[free-sklyarov] Security warning draws DMCA threat

Vladimir Katalov vkatalov at elcomsoft.com
Wed Jul 31 04:04:26 PDT 2002


http://news.com.com/2100-1023-947325.html?tag=fd_top

By Declan McCullagh
Staff Writer, CNET News.com
July 30, 2002, 4:48 PM PT

WASHINGTON--Hewlett Packard has found a new club to use to pound
researchers who unearth flaws in the company's software: the Digital
Millennium Copyright Act.

Invoking both the controversial 1998 DMCA and computer crime laws, HP
has threatened to sue a team of researchers who publicized a
vulnerability in the company's Tru64 Unix operating system.

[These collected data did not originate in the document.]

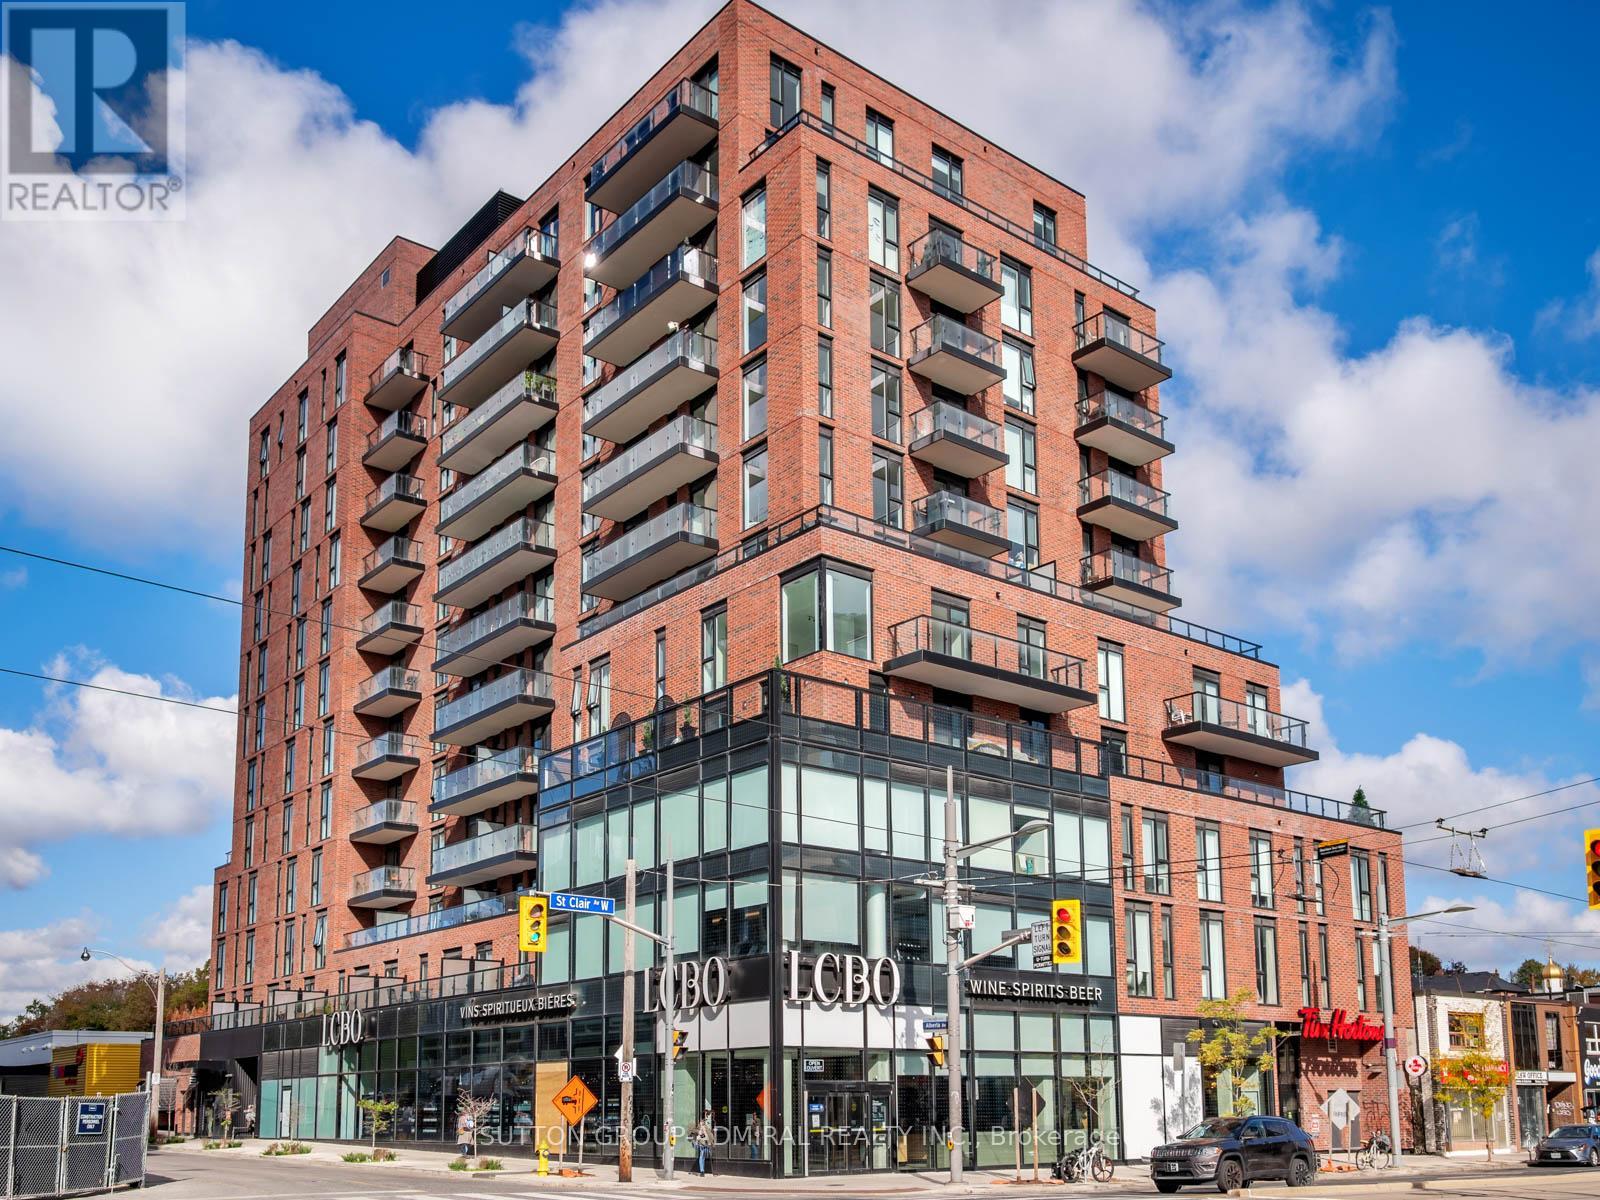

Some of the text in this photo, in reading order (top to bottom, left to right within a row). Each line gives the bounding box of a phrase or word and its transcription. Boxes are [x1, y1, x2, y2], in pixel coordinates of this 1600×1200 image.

[556, 895, 566, 907] St
[569, 897, 591, 909] Clair
[601, 900, 609, 911] W
[1034, 923, 1050, 933] LEFT
[1034, 933, 1050, 943] TURN
[643, 956, 725, 1013] LCBO
[788, 950, 901, 1006] LCBO
[970, 980, 1103, 1001] WINE SPIRITS BEER
[460, 1004, 481, 1019] VINS
[482, 998, 535, 1017] SPIRITUEUX
[321, 1008, 362, 1046] LCBO
[1298, 1007, 1330, 1039] Tim
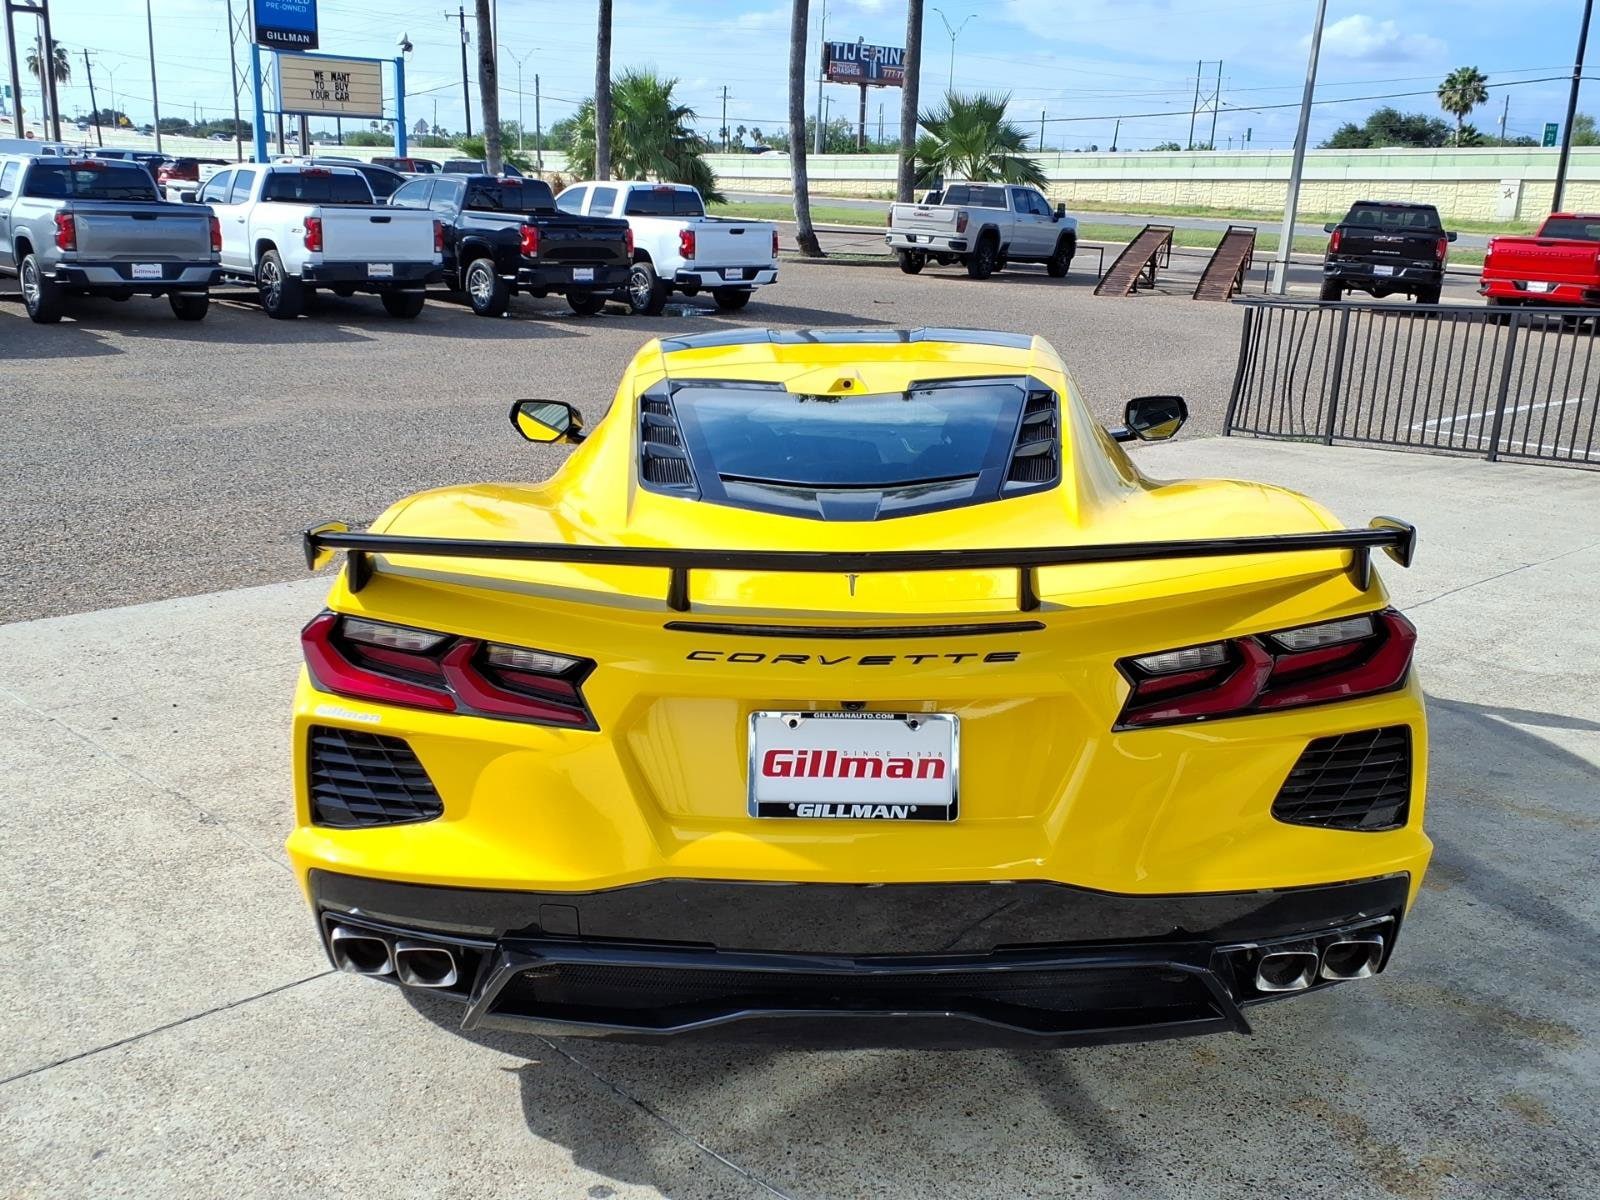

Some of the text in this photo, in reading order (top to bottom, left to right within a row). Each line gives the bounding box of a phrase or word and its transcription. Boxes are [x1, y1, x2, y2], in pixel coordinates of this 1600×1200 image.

[265, 1, 307, 13] PRE-OWNED
[266, 31, 310, 43] GILLMAN
[832, 43, 906, 65] TIJERIN
[313, 70, 351, 82] WE WANT
[883, 69, 904, 78] 777-77
[315, 81, 349, 91] TO BUY
[310, 89, 350, 102] YOUR CAR
[686, 650, 1021, 666] CORVETTE
[762, 749, 946, 779] Gillman
[796, 803, 908, 819] GILLMAN
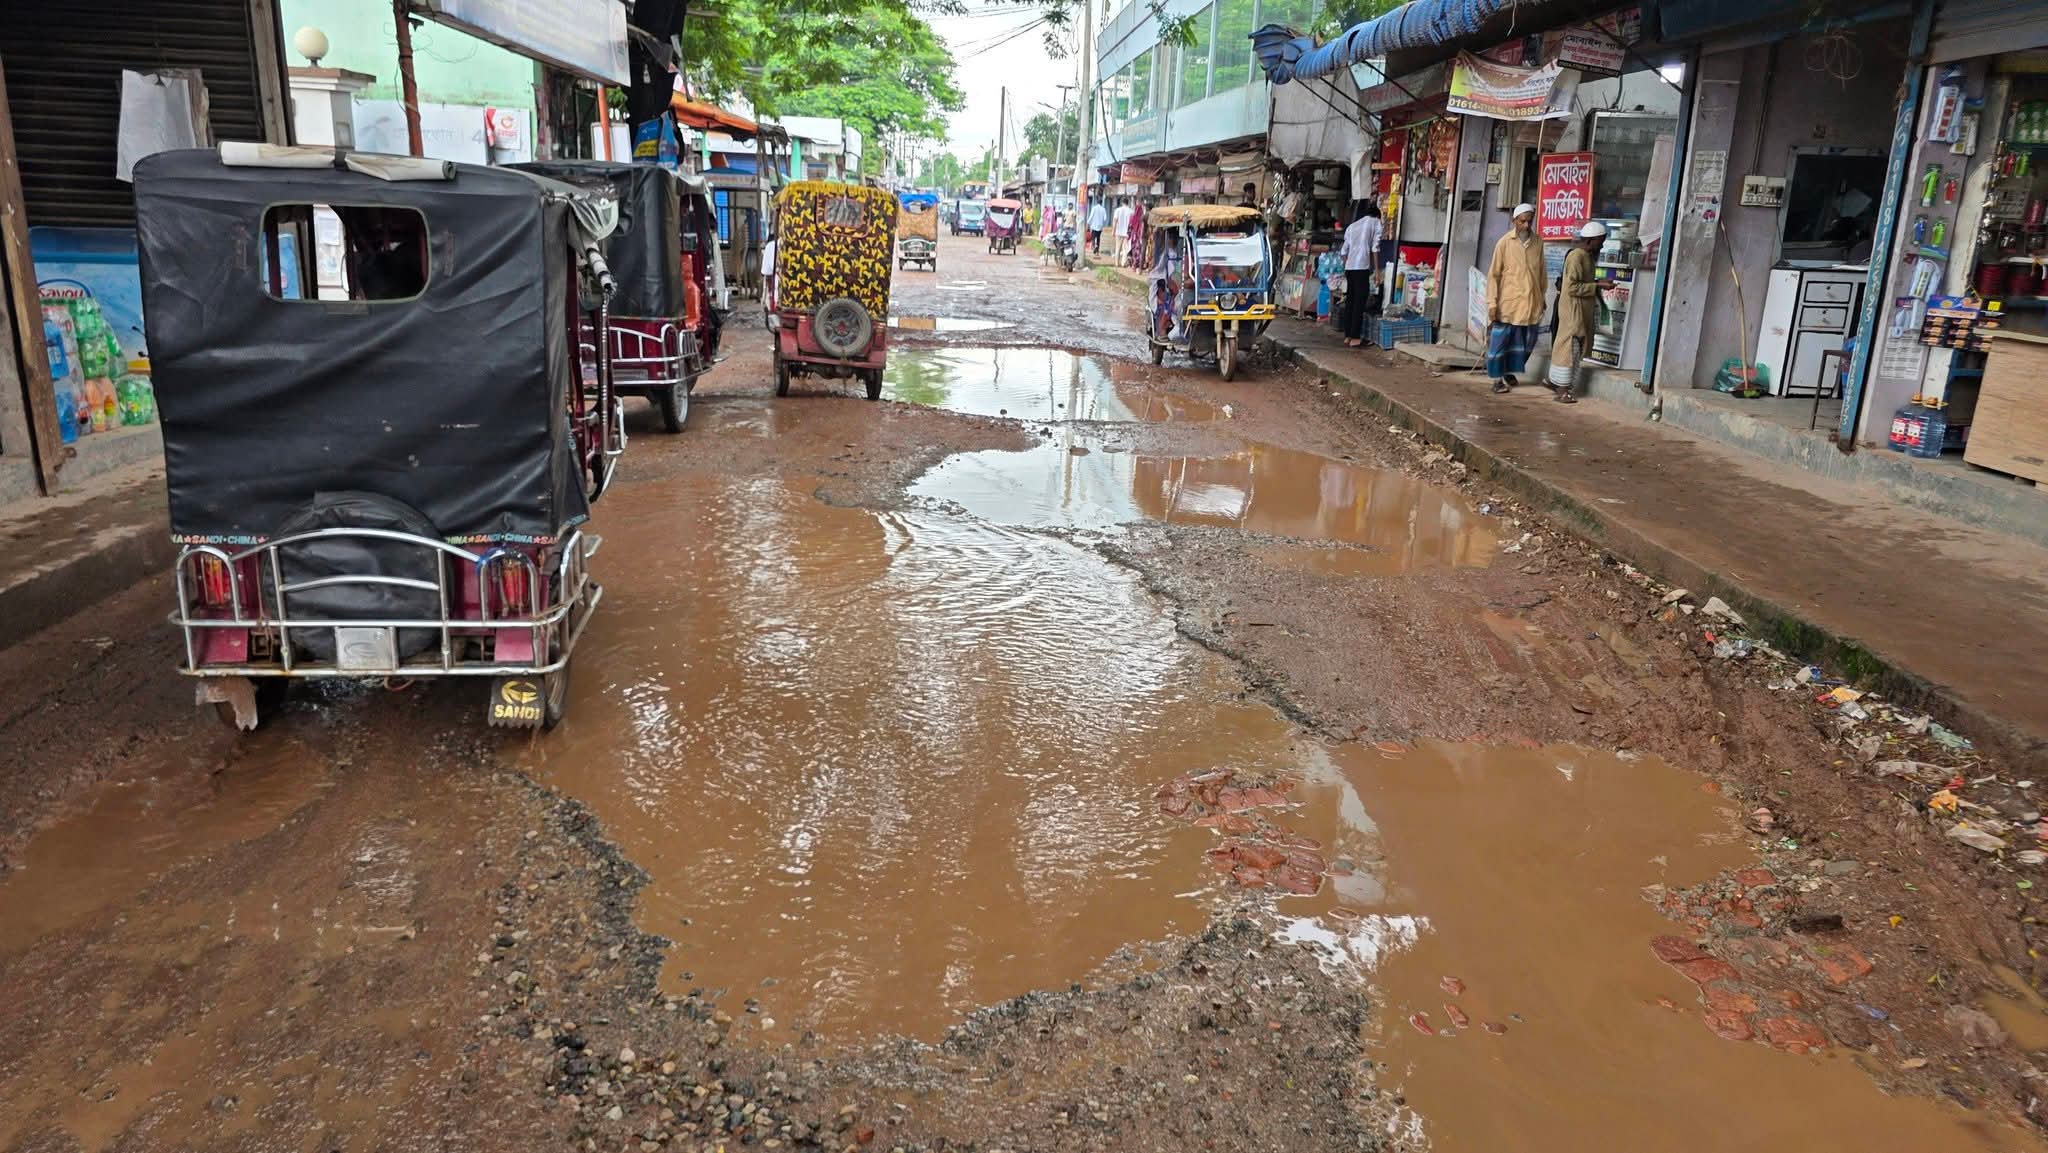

In a letter sent on Monday, an HP vice president warned SnoSoft, a
loosely organized research collective, that it "could be fined up to
$500,000 and imprisoned for up to five years" for its role in
publishing information on a bug that lets an intruder take over a
Tru64 Unix system.

HP's dramatic warning appears to be the first time the DMCA has been
invoked to stifle research related to computer security. Until now,
it's been used by copyright holders to pursue people who distribute
computer programs that unlock copyrighted content such as DVDs or
encrypted e-books.

If HP files suit or persuades the federal government to prosecute, the
company could set a precedent that stifles research into computer
security flaws, a practice that frequently involves publishing code
that demonstrates vulnerabilities. The DMCA restricts code that "is
primarily designed or produced for the purpose of circumventing
protection" of copyrighted works.

On July 19, a researcher at SnoSoft posted a note to
SecurityFocus.com's popular Bugtraq mailing list with a hyperlink to a
computer program letting a Tru64 user gain full administrator
privileges. The researcher, who goes by the alias "Phased," said in
the message: "Here is the warez, nothing special, but it does the
job."

That public disclosure drew the ire of Kent Ferson, a vice president
in HP's Unix systems unit, who alleged in his letter on Monday that
the post violated the DMCA and the Computer Fraud and Abuse Act.